<em><strong>Marina’s Malaysia:</strong></em> An Edible Jungle

Tropical Malaysia, lying between 2 and 7 degrees north of the equator, is a hotbed of fertility. Mangoes grow all year round, rice can produce two crops a year and jungle springs up wherever a little piece of land is left bare. It lines the motorways, covers the hills and threatens to encroach into gardens.

Over the course of my stay, I ate a huge variety of fruit, often from stalls that pre-cut and packed it in little bags, to eat in the car as you drive along – a step up from the usual UK roadside snacks of crisps, brownies or burgers.

Some of the less familiar types included rose apples – crispy, with thinner skins than an apple and a juicy, more citrus flavour; langsat – a pale yellow, grape-like fruit; green mango, a crunchy version of normal mango; jack fruit, large, oblong, chewy and exotic-flavoured; mangosteen, dark purple with white segments inside, a little like lychees; and calamansi, a small citrus fruit, green like a lime but a cross between a lime and a clementine.

Then there is durian, banned from buses for its putrid smell and definitely an acquired taste (it has been described as “like sucking Chewbacca’s armpits”).

And this is not to mention star-fruit, papaya, guava, melon, rambutan, lychees, limes, many varieties of mango, and of course bananas, both pink for cooking or tiny and yellow and unlike any banana I’ve ever eaten before.

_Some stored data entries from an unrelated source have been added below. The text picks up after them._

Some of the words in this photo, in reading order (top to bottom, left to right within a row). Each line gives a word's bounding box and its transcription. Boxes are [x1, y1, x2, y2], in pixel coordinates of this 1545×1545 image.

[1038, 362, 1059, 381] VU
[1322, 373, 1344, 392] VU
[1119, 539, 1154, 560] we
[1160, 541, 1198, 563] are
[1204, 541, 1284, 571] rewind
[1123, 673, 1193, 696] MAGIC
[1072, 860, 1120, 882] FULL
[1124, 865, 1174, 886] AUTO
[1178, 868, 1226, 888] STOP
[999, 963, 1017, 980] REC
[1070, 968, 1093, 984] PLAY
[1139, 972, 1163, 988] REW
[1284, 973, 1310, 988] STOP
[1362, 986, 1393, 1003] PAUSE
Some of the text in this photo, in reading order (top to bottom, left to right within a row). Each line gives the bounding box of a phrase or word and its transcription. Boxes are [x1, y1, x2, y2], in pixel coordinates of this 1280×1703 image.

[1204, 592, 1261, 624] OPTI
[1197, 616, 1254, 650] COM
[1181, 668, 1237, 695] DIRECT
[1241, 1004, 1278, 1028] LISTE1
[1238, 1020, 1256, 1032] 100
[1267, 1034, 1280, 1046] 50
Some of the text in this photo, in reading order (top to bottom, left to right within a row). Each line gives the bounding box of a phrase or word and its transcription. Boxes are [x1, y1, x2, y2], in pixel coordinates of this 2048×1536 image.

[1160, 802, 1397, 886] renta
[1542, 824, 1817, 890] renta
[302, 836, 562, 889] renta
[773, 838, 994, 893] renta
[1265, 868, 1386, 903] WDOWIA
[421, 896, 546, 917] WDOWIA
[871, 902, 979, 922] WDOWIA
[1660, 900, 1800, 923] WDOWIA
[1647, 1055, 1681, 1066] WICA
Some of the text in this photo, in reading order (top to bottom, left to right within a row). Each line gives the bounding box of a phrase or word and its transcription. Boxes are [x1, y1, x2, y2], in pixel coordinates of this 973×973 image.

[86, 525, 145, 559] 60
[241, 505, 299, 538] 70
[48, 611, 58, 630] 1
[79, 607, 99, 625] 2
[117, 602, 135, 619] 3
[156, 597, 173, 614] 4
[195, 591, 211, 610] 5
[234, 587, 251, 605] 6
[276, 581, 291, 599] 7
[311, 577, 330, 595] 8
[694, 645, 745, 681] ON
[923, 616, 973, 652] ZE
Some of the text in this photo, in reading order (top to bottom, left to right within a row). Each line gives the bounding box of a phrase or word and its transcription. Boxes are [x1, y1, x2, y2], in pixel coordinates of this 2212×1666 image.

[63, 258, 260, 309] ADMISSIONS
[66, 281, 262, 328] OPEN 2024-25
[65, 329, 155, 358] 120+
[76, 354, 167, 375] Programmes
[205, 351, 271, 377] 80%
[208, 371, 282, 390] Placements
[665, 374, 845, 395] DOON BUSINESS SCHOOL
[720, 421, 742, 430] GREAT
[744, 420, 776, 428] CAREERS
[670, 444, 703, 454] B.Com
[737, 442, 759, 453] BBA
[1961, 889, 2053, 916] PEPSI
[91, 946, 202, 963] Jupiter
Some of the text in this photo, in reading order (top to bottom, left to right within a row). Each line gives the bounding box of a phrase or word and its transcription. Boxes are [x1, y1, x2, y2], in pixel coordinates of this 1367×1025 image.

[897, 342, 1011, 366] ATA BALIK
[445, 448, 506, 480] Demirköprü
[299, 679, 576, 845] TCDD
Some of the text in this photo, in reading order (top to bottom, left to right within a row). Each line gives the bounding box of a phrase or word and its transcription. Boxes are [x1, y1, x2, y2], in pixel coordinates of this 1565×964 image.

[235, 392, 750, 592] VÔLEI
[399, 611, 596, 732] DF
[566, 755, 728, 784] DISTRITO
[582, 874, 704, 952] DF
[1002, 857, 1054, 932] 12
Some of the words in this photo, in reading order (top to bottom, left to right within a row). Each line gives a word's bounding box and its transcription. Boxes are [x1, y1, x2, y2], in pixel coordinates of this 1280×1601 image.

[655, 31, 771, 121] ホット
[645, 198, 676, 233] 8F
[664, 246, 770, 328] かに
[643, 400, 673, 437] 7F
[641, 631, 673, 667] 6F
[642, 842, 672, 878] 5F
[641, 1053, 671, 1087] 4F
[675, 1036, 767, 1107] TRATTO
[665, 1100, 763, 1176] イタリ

In Malaysian cooking, fruit is often used alongside vegetables, as with the bananas in the following vegetable stew:

Vegetables Dalcha
A delicious vegetable stew/dhal that is used, served with rice, alongside a meat dish. It will become thicker and more delicious the day after cooking.

Onion and garlic paste:
Pound together (or whizz in a blender) the following:

1 medium onion
10 shallots (Malay shallots are very small – use five ‘normal’ sized ones)
1 inch ginger
4 cloves of garlic

300 g charka dhal split peas (soaked for at least three hours, boiled with water to soften), drained.

3 stalks of curry leaves
1 tbsp turmeric powder
1 cup thin coconut milk
½ cup thick coconut milk
½ bowl tamarind juice from 1 tbsp tamarind paste, soaked in ½ bowl of water and drained
3 round aubergines, or 1 oblong, cut into chunks
2 big green bananas, cut diagonally, including the skin
¼ cabbage, cut into 1 inch squares
2 green chillies, cut lengthwise
1 carrot, sliced diagonally
3 medium potatoes, cubed

Salt to taste
Vegetable or sunflower oil for frying

Method:

Heat 4tbsp oil and fry curry leaves, and onion and garlic pulp until golden (5 minutes)
Add turmeric and cook till fragrant (3 minutes)
Add dhal and a bowl of water and bring to the boil
Add root vegetables with thin coconut milk and simmer till tender
Add softer vegetables with tamarind paste
Finally, pour in thick coconut milk and add salt to taste.